(Washington, DC) – The US government’s decision to lift a discriminatory ban on Medicare coverage for gender reassignment surgery is an important step toward health care equity for transgender people, Human Rights Watch said today.

The Departmental Appeals Board of the US Department of Health and Human Service (HHS) issued the landmark ruling on May 30, 2014. The ruling is a significant development for transgender people’s access to basic health care services and is likely to encourage other public and private insurers to adopt similar policies.

“The decision by HHS to allow Medicare coverage of gender reassignment surgery is a significant victory for transgender people’s right to basic health care services,” said Graeme Reid, director of the lesbian, gay, bisexual, and transgender (LGBT) rights program at Human Rights Watch. “The ruling removes a tremendous barrier that for years had denied transgender people the right to make decisions about their own bodies.” 

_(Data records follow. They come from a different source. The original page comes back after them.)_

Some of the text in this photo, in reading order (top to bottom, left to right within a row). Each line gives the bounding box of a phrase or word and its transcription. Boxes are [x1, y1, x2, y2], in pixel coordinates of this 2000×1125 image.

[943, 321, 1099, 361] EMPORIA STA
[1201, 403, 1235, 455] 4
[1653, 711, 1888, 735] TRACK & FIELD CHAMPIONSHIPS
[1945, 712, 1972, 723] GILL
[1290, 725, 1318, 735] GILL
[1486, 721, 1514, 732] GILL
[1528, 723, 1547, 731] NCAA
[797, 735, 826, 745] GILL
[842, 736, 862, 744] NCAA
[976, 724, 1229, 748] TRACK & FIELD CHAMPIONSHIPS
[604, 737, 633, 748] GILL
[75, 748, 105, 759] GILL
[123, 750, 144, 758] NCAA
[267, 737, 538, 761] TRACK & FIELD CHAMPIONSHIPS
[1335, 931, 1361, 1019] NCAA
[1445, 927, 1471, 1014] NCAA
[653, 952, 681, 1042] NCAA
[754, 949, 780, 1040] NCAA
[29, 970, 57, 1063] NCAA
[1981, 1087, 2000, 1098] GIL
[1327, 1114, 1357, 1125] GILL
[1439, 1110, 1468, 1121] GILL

The ban was enacted in 1981, and stated that, “Because of the lack of well-controlled, long-term studies of the safety and effectiveness of the surgical procedures and attendant therapies for transsexualism, the treatment is considered experimental.” Today, a growing body of scientific evidence and professional medical organizations – including the American Medical Association, the American Psychiatric Association, and the American Psychological Association – support access to gender reassignment surgery as a form of treatment for gender dysphoria.

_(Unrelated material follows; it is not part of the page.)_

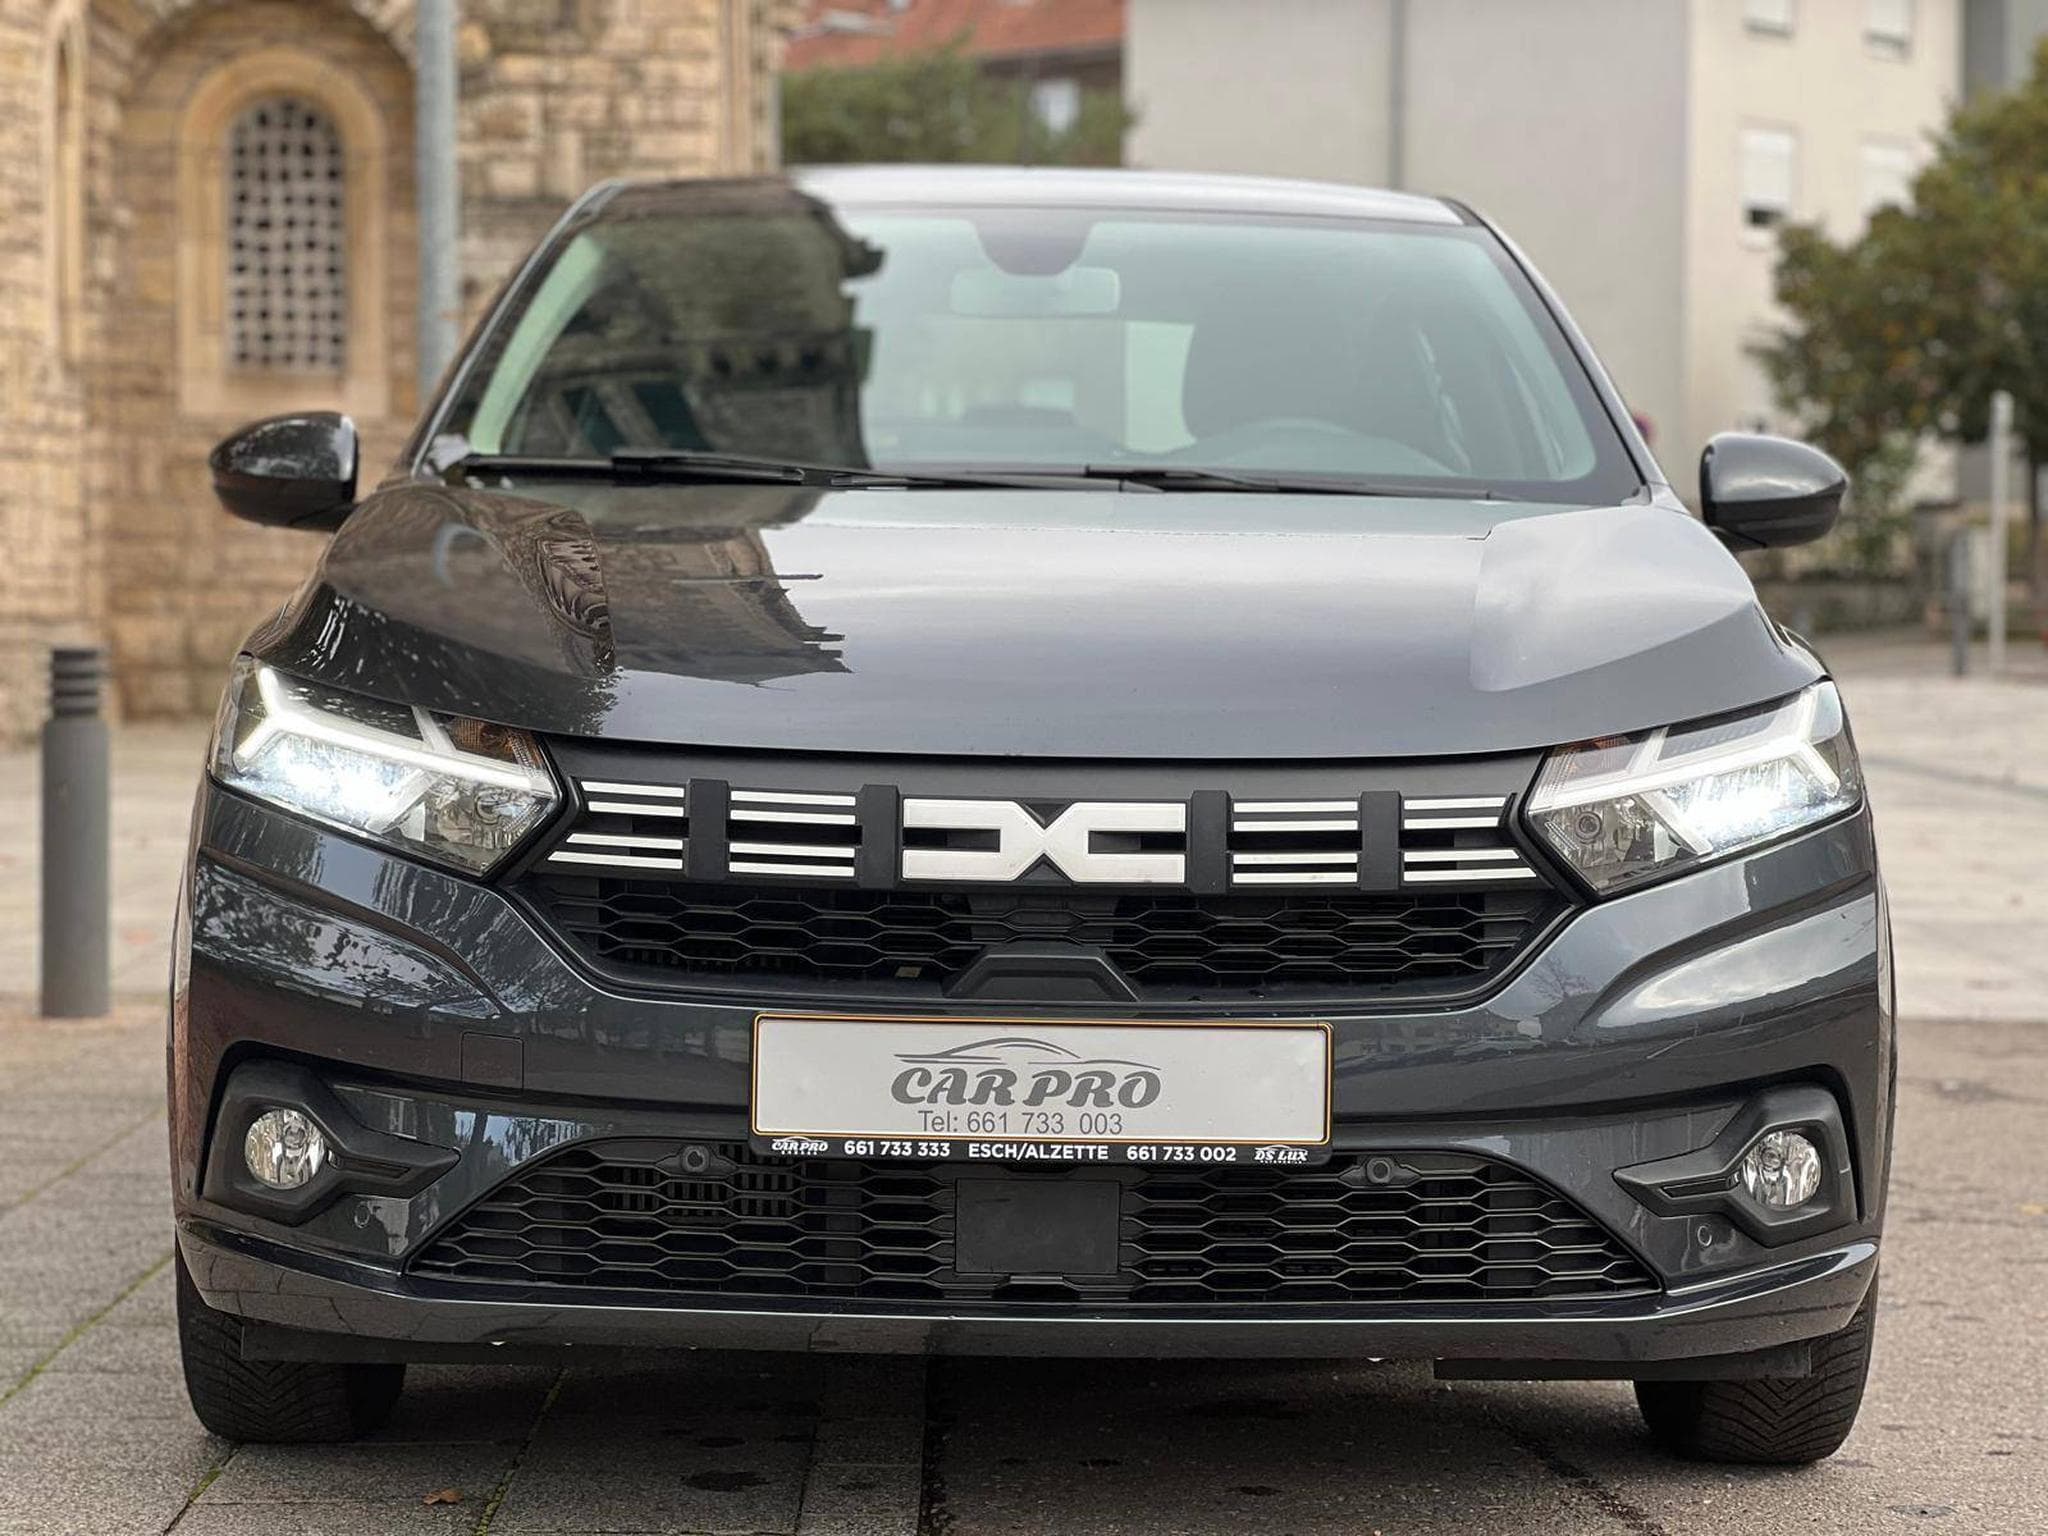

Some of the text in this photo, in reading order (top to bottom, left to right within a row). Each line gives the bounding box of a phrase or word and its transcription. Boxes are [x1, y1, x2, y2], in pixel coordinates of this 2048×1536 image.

The ruling is the result of an administrative challenge filed by the American Civil Liberties Union, Gay & Lesbian Advocates & Defenders, and the National Center for Lesbian Rights. The challenge requested a scientific review of the policy’s adherence to current standards of medical care, and ultimately led to its reversal. The case was presented on behalf of Denee Mallon, a 73-year-old transgender woman and a Medicare beneficiary, whose doctors recommended gender reassignment surgery as treatment for gender dysphoria.

“The decision on Medicare coverage for gender reassignment surgery has broader implications,” Reid said. “It should serve as a precedent to allow transgender people full autonomy in determining their gender identity in all legal and medical settings.”